Last season they tried to keep advancing, despite enduring exploding parts. There goes an arm. No problem. There goes a leg. Just a limp. There go a couple of organs. Just a flesh wound.
Somebody tore his oblique. Can’t be that serious. Wasn’t it just like a week ago when nobody had ever heard of the oblique?
But eventually, they fizzled. Seven games ahead of Philadelphia a week after the All-Star break, 23 games over .500 and still clinging to a three-game lead on Aug. 1, the Braves’ body finally gave out. Their final spasm got them into the postseason as a wild card. But teams running on fumes don’t win the World Series. The starting lineup in their final loss to San Francisco looked like an old car undergoing some work – some original dinged parts, along with an orange door and two mismatched fenders picked up in a junkyard to make the exterior seem whole.
The Braves open baseball’s second half Friday against Washington (even if technically they’ve played 57 percent of the schedule). With Martin Prado set to return from a staph infection and Chipper Jones likely back in a few weeks from knee surgery, they actually will be able to field their intended lineup. We think. After what happened last summer, general manager Frank Wren may consider lighting incense or sacrificing a chicken in a pregame cleansing ceremony Friday.
“One thing I learned a long time ago is you can’t take any satisfaction when an opponent’s player gets hurt because you know that your turn is coming,” Wren said. “We have a good team. But we had a good team last year, too. It only takes one lunge to first base, one crash into the wall, one fastball up and in, to change everything.”

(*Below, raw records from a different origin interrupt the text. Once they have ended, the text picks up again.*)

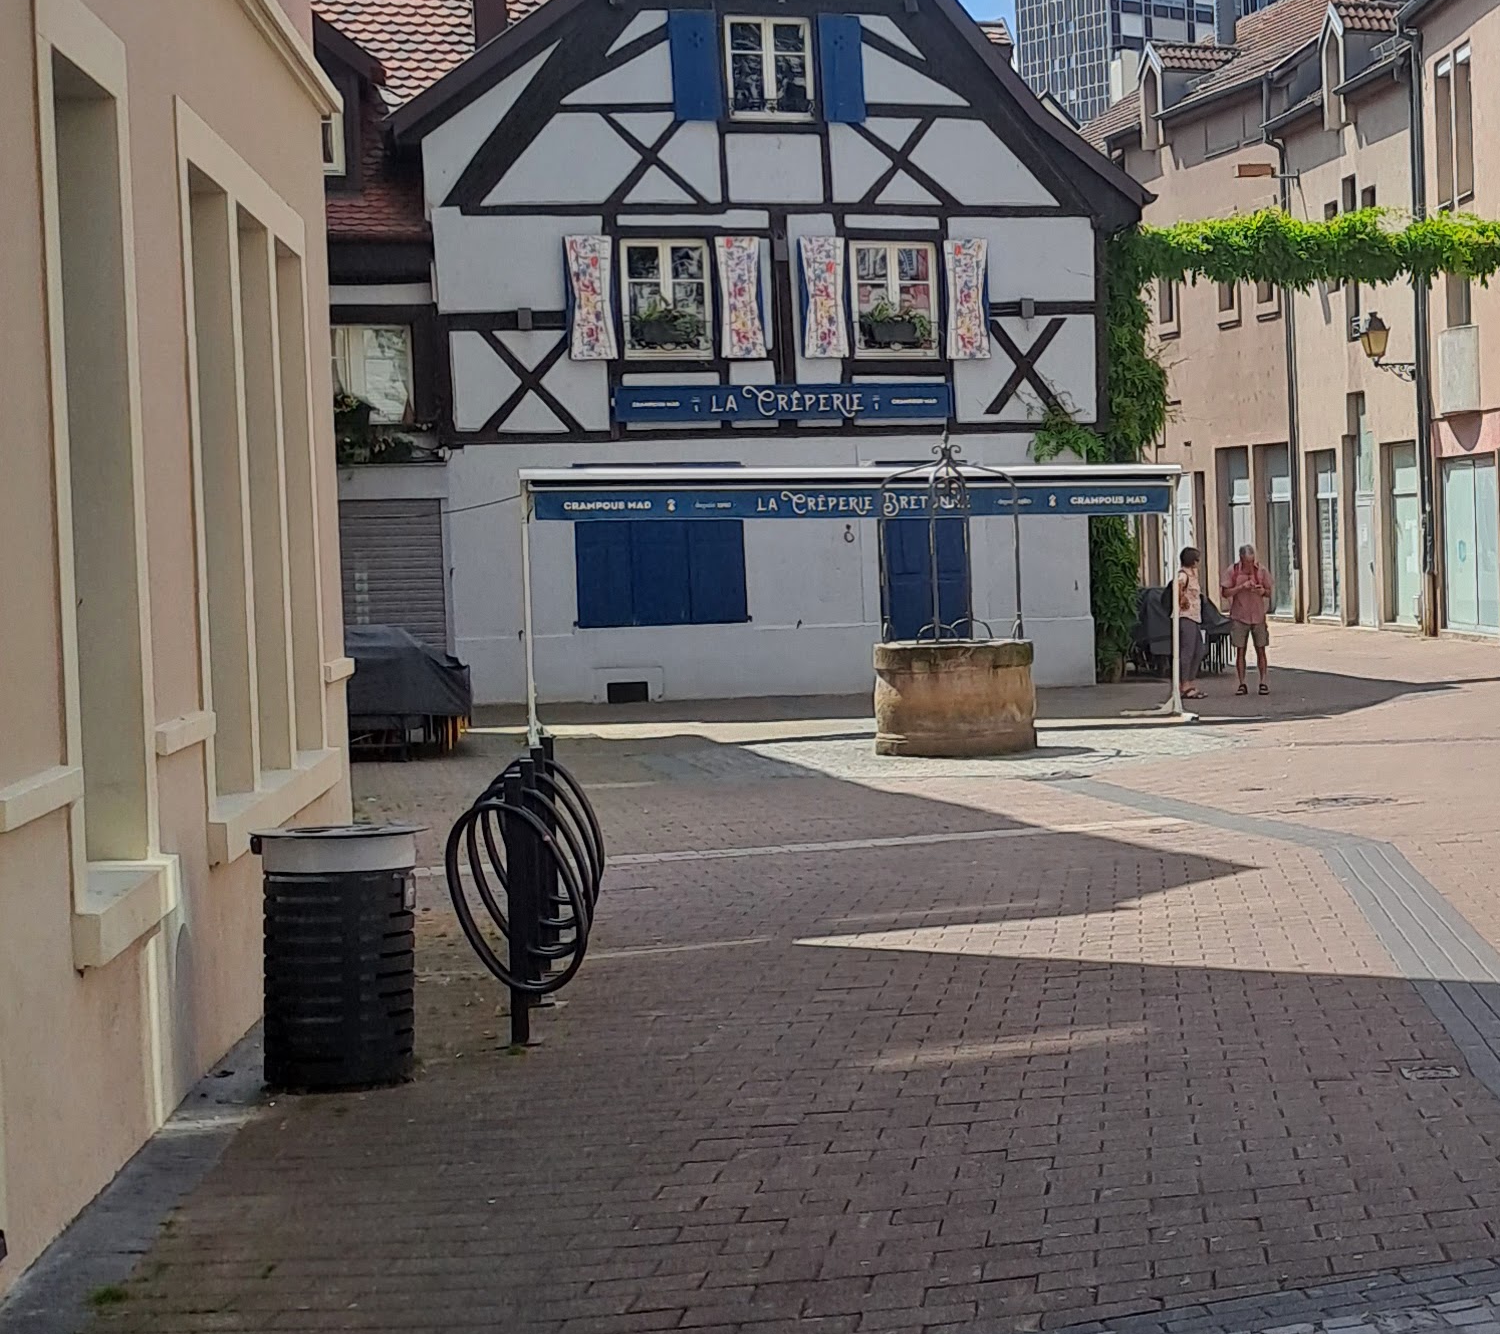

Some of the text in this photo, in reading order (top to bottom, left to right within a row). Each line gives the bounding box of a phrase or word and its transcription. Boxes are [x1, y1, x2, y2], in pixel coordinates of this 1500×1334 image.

[711, 395, 738, 412] LA
[563, 500, 625, 510] CRAMPOUS
[757, 497, 778, 512] LA
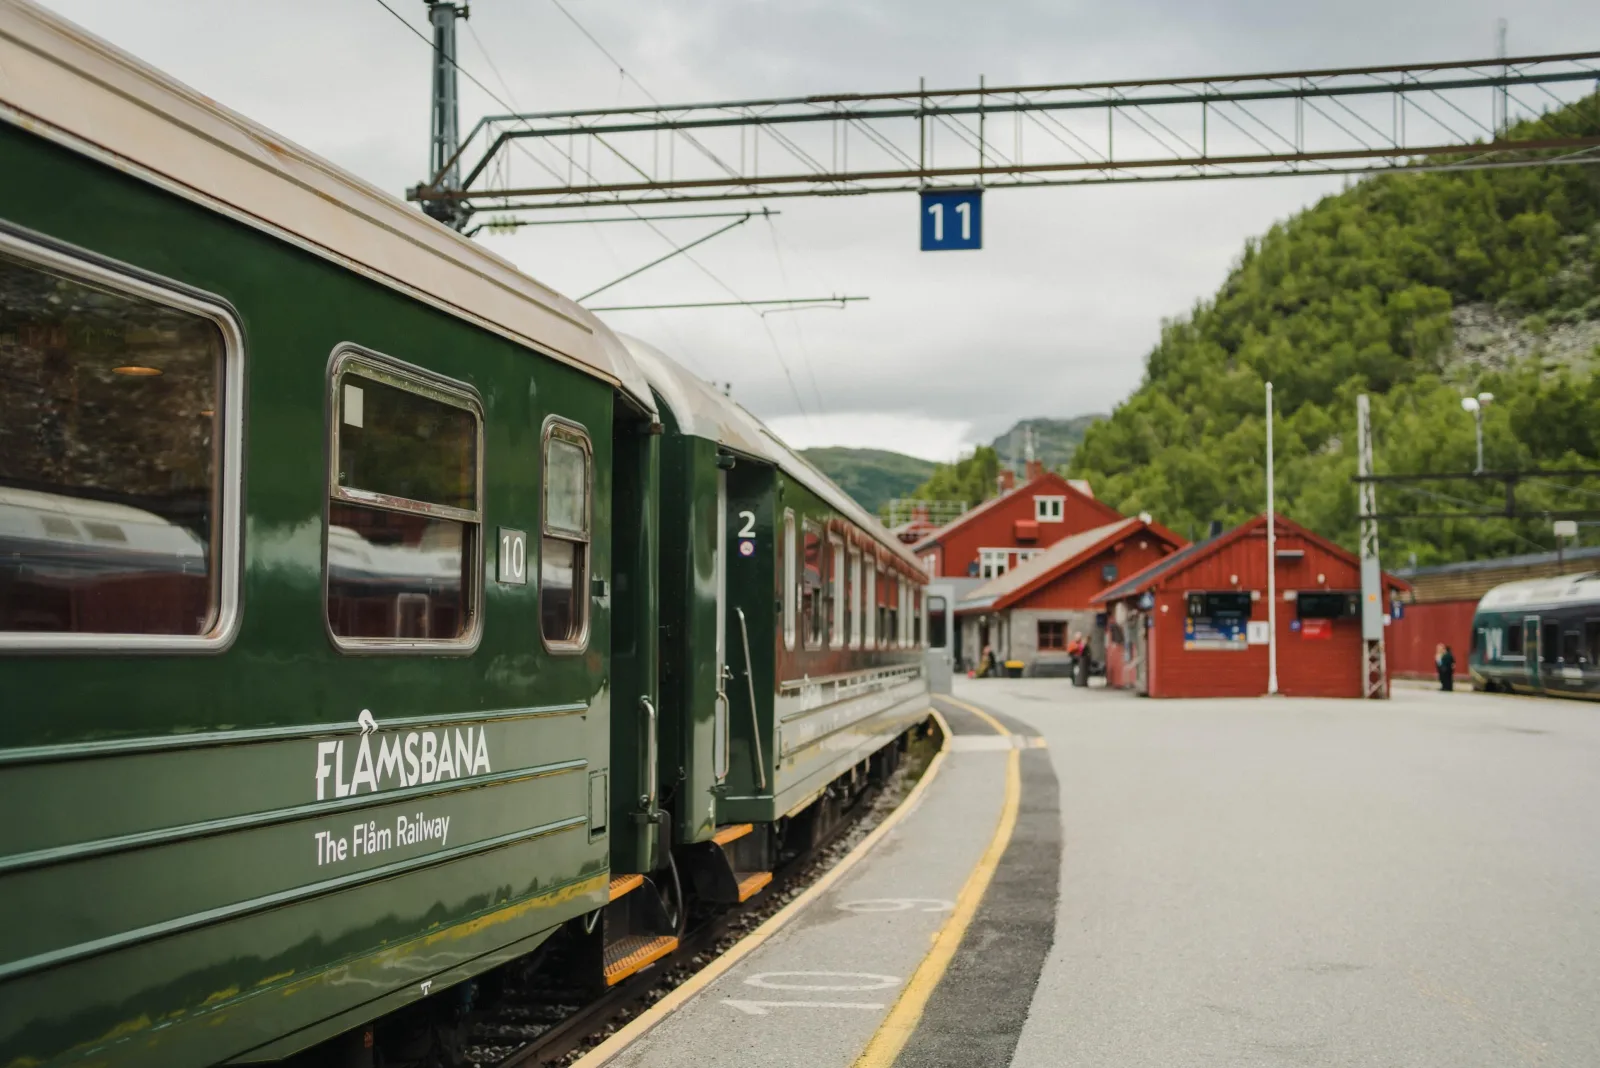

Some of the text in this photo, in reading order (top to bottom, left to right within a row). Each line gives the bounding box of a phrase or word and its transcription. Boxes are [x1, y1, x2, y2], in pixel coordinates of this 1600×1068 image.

[928, 202, 970, 241] 11
[737, 510, 756, 538] 2
[502, 535, 524, 577] 10
[315, 709, 491, 800] FLÅMSBANA
[315, 812, 450, 866] The Flåm Railway
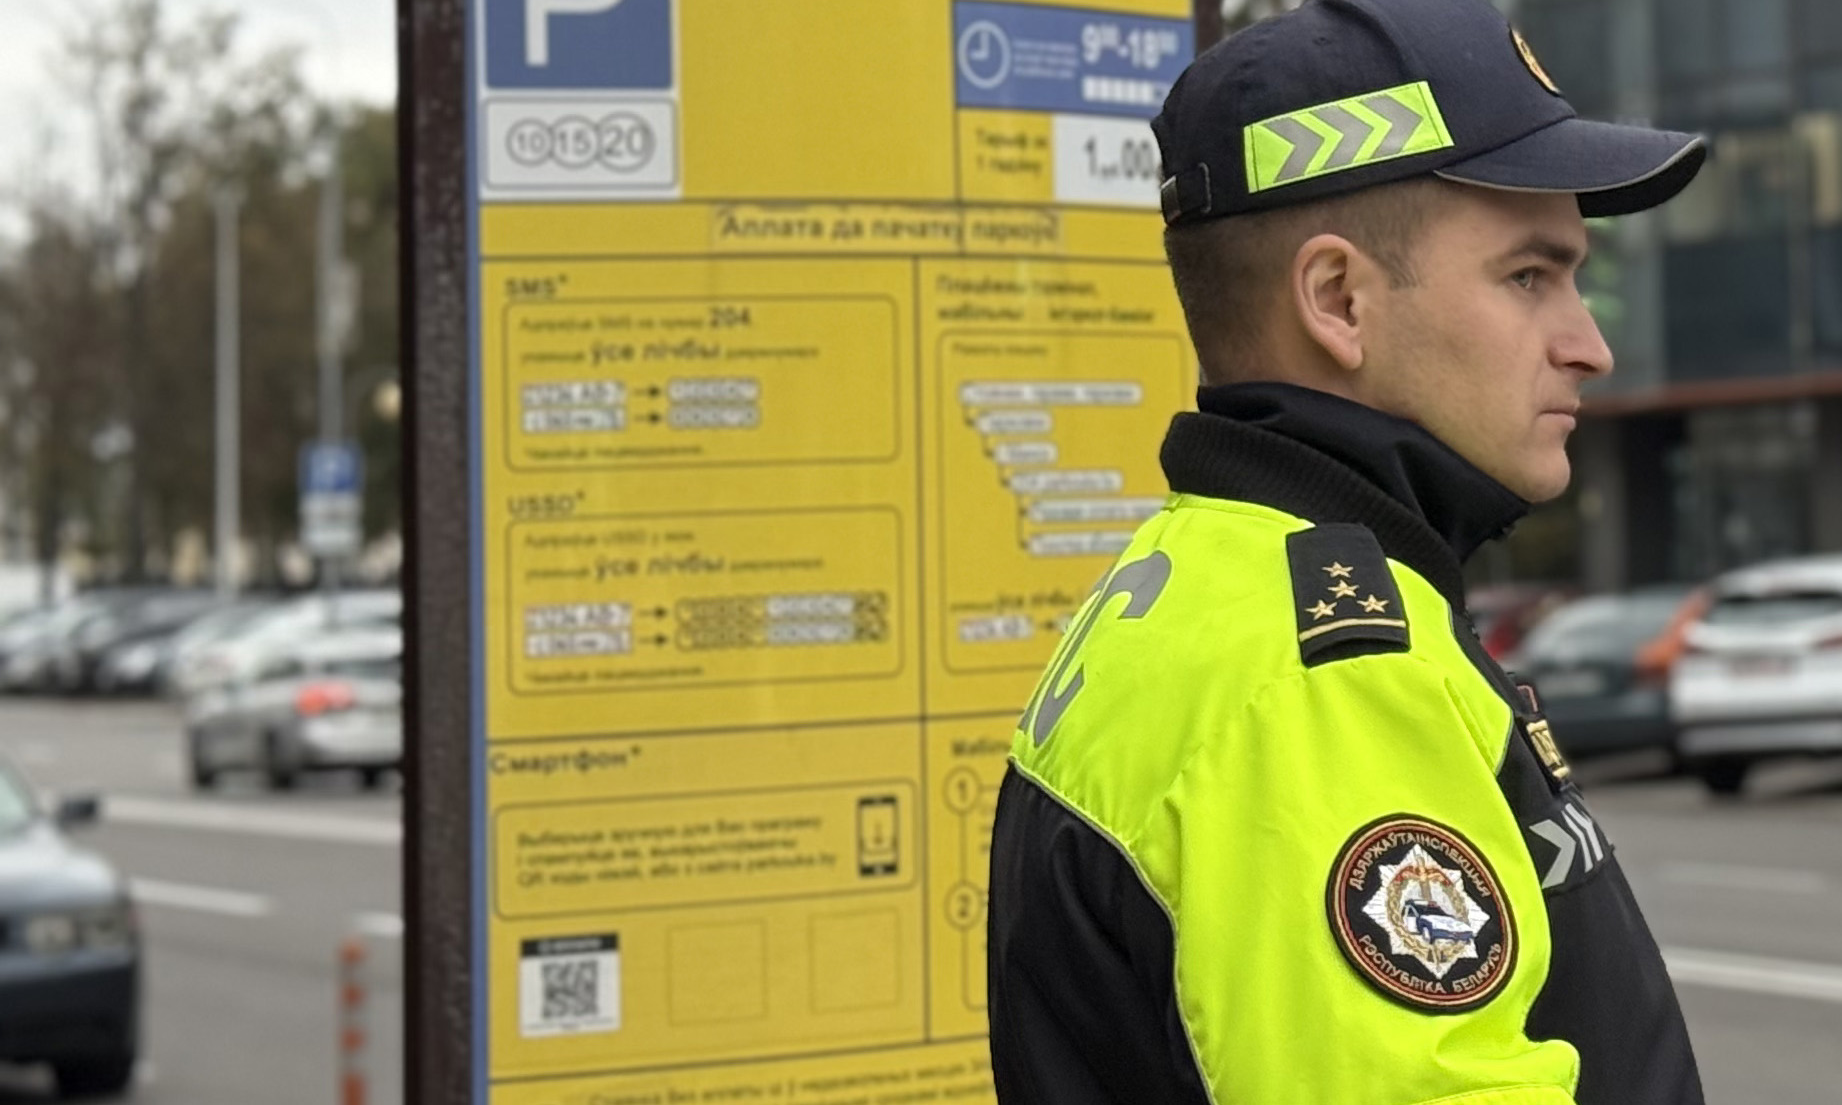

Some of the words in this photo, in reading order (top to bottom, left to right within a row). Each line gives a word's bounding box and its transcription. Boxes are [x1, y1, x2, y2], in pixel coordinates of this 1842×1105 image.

[517, 130, 546, 154] 10
[559, 128, 592, 156] 15
[605, 124, 644, 157] 20
[722, 214, 824, 240] Аплата
[1018, 550, 1172, 748] С
[1358, 934, 1448, 994] РЭСПУБЛІКА
[1451, 943, 1502, 993] БЕЛАРУСЬ

From June 10 on last season, the Braves lost (in order) Nate McLouth (head contusion; 33 games), Jason Heyward (thumb injury; 13), Prado (fractured finger; 16), the remains of Troy Glaus (knee; 14), Kris Medlen (elbow; 54, plus playoffs), Jones (knee; 48, plus playoffs) and Prado again (hip, oblique; five, plus playoffs). They went from 23 games over .500 (78-55) to a 14-20 finishing limp (playoffs included).
The Braves’ first division title since 2005 is a realistic goal. They’re 54-38 and 3½ games behind the Phillies, despite the fact manager Fredi Gonzalez has had to use 51 defensive lineups and 64 batting orders. They’ve lost Prado, Jones and Heyward for stretches. Heyward and Dan Uggla – two players expected to provide a bulk of the run production — have mostly floundered. But pitching has kept them in it.
The key to the second half? Other than obviously health, here are the five players who can trigger a division title (in order of importance):
♦ 1. Uggla: Entering the season, he represented something the Phillies didn’t have: a right-handed bat with power. His 15 homers at the break represent only a slight drop-off. But the batting average (.185) and the fact he’s hitting .179 with runners in scoring position is relative disaster. The Braves invested $62 million in Uggla because they thought he would make a difference. He needs to be that player now.
♦ 2. Heyward: You hate to put pressure on a second-year player. But when a guy drives in 72 runs and has a .849 OPS (on base plus slugging percentage) in his rookie year, a lot more is expected in Year 2 than this: .226 average, 22 RBIs, .238 RISP, .720 OPS.
♦ 3. Jordan Schafer: He hits leadoff and brings something the Braves have desperately needed – speed. Therefore, he can generate offense even if some combination of Uggla, Heyward, Jones and Prado are injured or slumping.
♦ 4. Jones: His importance on and off the field can’t be overstated. When he’s hot, there’s a ripple effect in the lineup. But if the knee injury lingers, Prado can stay at third, and Brian McCann and others will need to pick up offensive slack.
♦ 5. Prado: He conceivably could go ahead of Jones because he plays almost any position. But health has been an issue (53 games missed since last August).
Their chances for a division title are good, a return to the postseason even better. But we’ve learned not to pencil in tomorrow’s lineup.